Your Role in the Process
After the tumor board meets, your oncologist will discuss their recommendations with you.
This is when you ask questions, share your concerns, and express your preferences. Maybe fertility preservation is critical to you. Maybe you’re worried about how to manage ovarian cancer chemotherapy side effects. Maybe you want to understand the different treatment approaches being discussed or why a surgical oncologist might be consulted for particularly complex cases.
Finding Care at Centers with Tumor Boards
When choosing your gynecologic oncologist, ask whether they participate in regular tumor boards. Top cancer centers — Dana-Farber Cancer Institute, Memorial Sloan Kettering Cancer Center, MD Anderson Cancer Center, Cleveland Clinic — all have robust tumor board programs.
But you don’t necessarily need to travel to a major city. Many community cancer centers now conduct tumor boards, and some participate in virtual tumor boards that connect them with specialists at larger institutions.
Research shows that virtual tumor boards have significantly increased participation, with overall attendance increasing by 46% on virtual platforms compared to in-person meetings, making it easier for community providers to access expert specialist advice without geographic barriers.

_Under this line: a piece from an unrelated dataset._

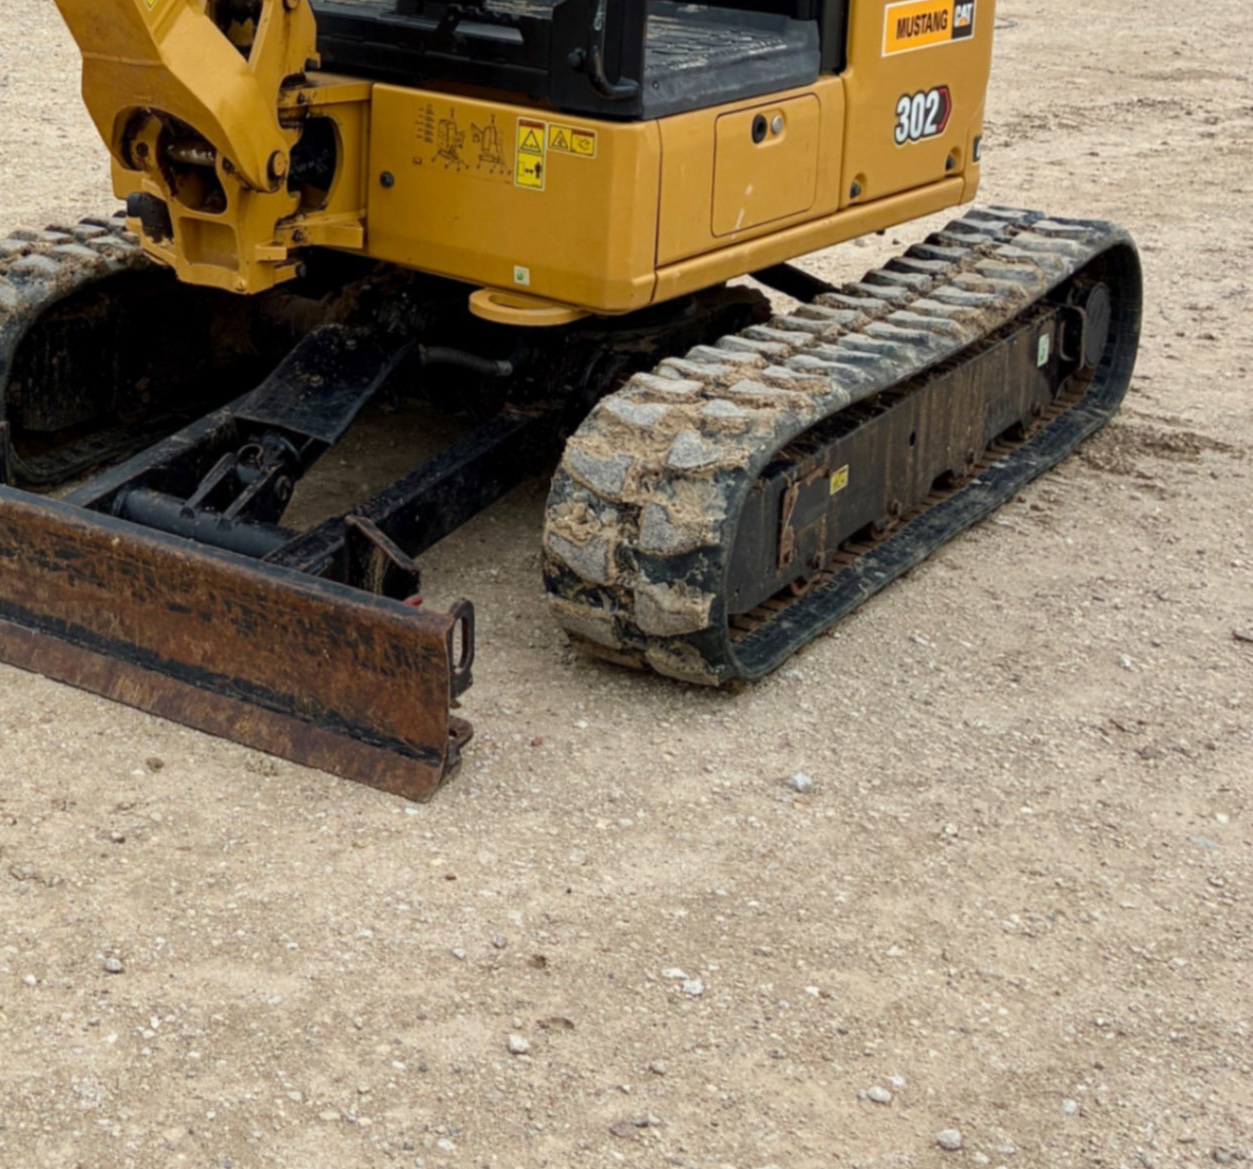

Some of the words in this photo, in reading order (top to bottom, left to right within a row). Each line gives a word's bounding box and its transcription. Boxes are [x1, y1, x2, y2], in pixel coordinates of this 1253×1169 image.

The key is finding a team that takes a collaborative approach to your care. One where communication flows freely between specialists. One where your case gets the attention and expertise it deserves.
At Not These Ovaries, we believe every patient deserves access to this kind of comprehensive, expert care. That’s why we fund research focused on improving ovarian cancer treatment options, especially for the rarer, underresearched subtypes that primarily affect younger women. Because when we improve the science, we improve the care. And when we improve the care, we save lives.